Strategy #851
Historical vs Implied Volatility Trade
Entry Logic
- Entry trigger: A significant spread between historical volatility (HV) and implied volatility (IV).
- Confirmation: IV is much higher than HV (sell premium) or HV is much higher than IV (buy premium).
- Timeframe: Daily chart.
- Location context: Not applicable.
- Market condition: A disconnect between market expectations and reality.
Exit Logic
- Profit target: The spread between HV and IV narrows.

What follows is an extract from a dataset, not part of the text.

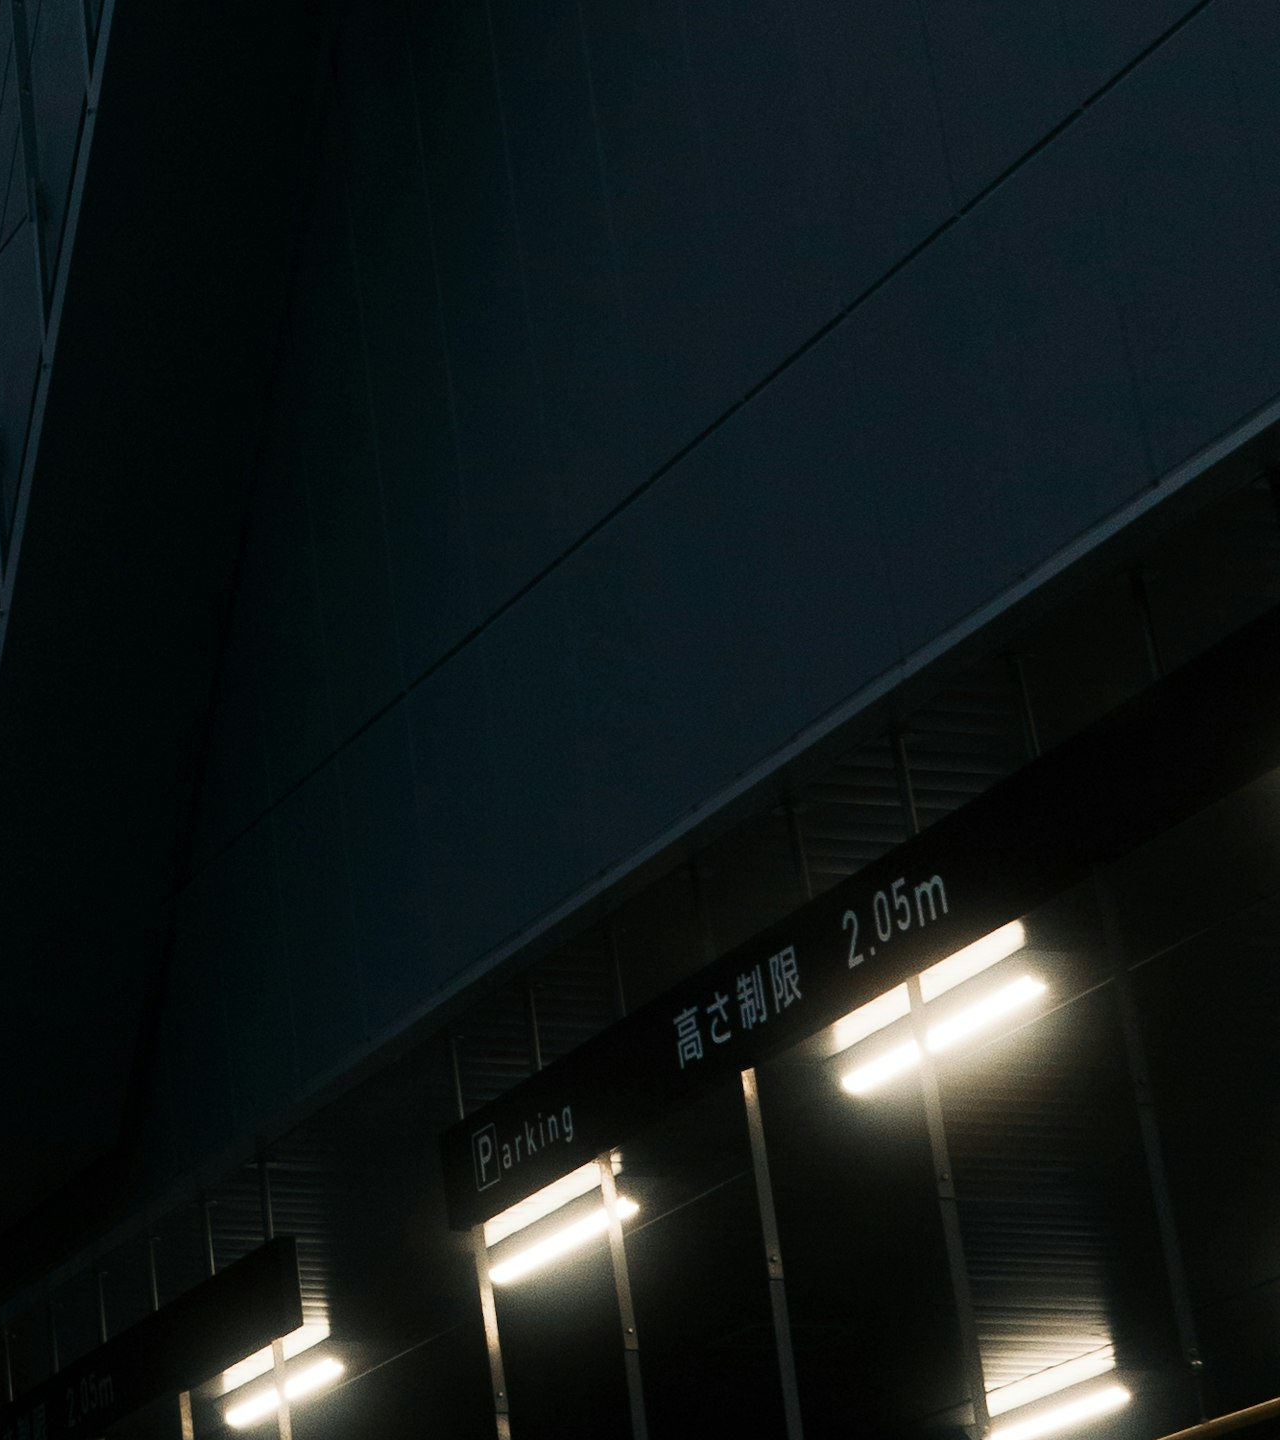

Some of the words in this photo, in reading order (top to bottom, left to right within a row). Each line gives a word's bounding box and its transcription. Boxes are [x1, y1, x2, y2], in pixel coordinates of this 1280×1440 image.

[672, 944, 804, 1070] 高さ制限
[841, 873, 949, 970] 2.05m
[474, 1104, 575, 1186] Parking

- Scaling out: Not applicable.
- Trailing stop: Not applicable.
- Signal failure exit: The spread continues to widen.
- Opposite signal exit: Not applicable.
- Time expiration: Exit after 30-45 days.
- Momentum loss: Not applicable.
Stop Loss Structure
- Hard stop: A predefined loss level on the options position.
- Soft stop: Not applicable.
- Max dollar loss: 2% of account capital.
- Max percent loss: 2% of account capital.
- Structural stop: Not applicable.
Risk Management Framework
- Risk per trade: 1% of account capital.
- Daily limit: Not applicable.
- Weekly limit: 5% of account capital.
- Max drawdown: 15% of account capital.
- R:R requirement: Minimum 2:1 risk-reward ratio.
Position Sizing Model
- Sizing approach: Fixed fractional sizing.
- Volatility adjustment: The strategy is based on the volatility spread.
- Conviction sizing: Not applicable.
- Scaling in: Not recommended.
- Scaling out: Not recommended.
Trade Filtering
- Market conditions to avoid: When HV and IV are closely aligned.
- Specific setups required: A large spread between HV and IV.
- Instruments: Stocks and ETFs with liquid options.
- Time restrictions: Not applicable.
- Chop/news avoidance: Be aware of earnings releases and other news events.
Context Framework
- Trend direction: Not applicable.
- VWAP relationship: Not applicable.
- MA relationship: Not applicable.
- Range location: Not applicable.
- Higher TF alignment: Not applicable.
Trade Management Rules
- Breakeven: Not applicable.
- Scale out: Not applicable.
- Add size: Not applicable.
- Fast vs slow moves: This is a slow-moving trade.
Time Rules
- Optimal window: When there is a large spread between HV and IV.
- Times to avoid: When HV and IV are closely aligned.
- Session notes: Not applicable.
Setup Classification
- A+ setup: A historically large spread between HV and IV.
- A setup: A significant spread between HV and IV.
- B setup: A moderate spread between HV and IV.
- C setup: HV and IV are closely aligned.
Market Selection Criteria
- Instruments: Stocks and ETFs with liquid options.
- Volume: High volume in the underlying and its options.
- Volatility: The strategy is based on the spread between HV and IV.
Statistical Edge Metrics
- Win rate: 60-70%.
- Avg win: 2R.
- Avg loss: 1R.
- Profit factor: 1.8.
- Expectancy: 0.6R per trade.
Failure Conditions
- When strategy fails: When the spread between HV and IV continues to widen.
- Specific scenarios to avoid: Trading illiquid options.
Psychological Rules
- Mental discipline: Patience to wait for the right setup.
- Key mental discipline requirements: Discipline to stick to the plan.
Advanced Components
- Regime detection: Not applicable.
- Filters: Use a liquidity filter for options.
- Correlation: Not applicable.
- MTF alignment: Not applicable.
Location
- Where strongest: When there is a large, statistically significant spread between HV and IV.
- Where weakest: When HV and IV are in alignment.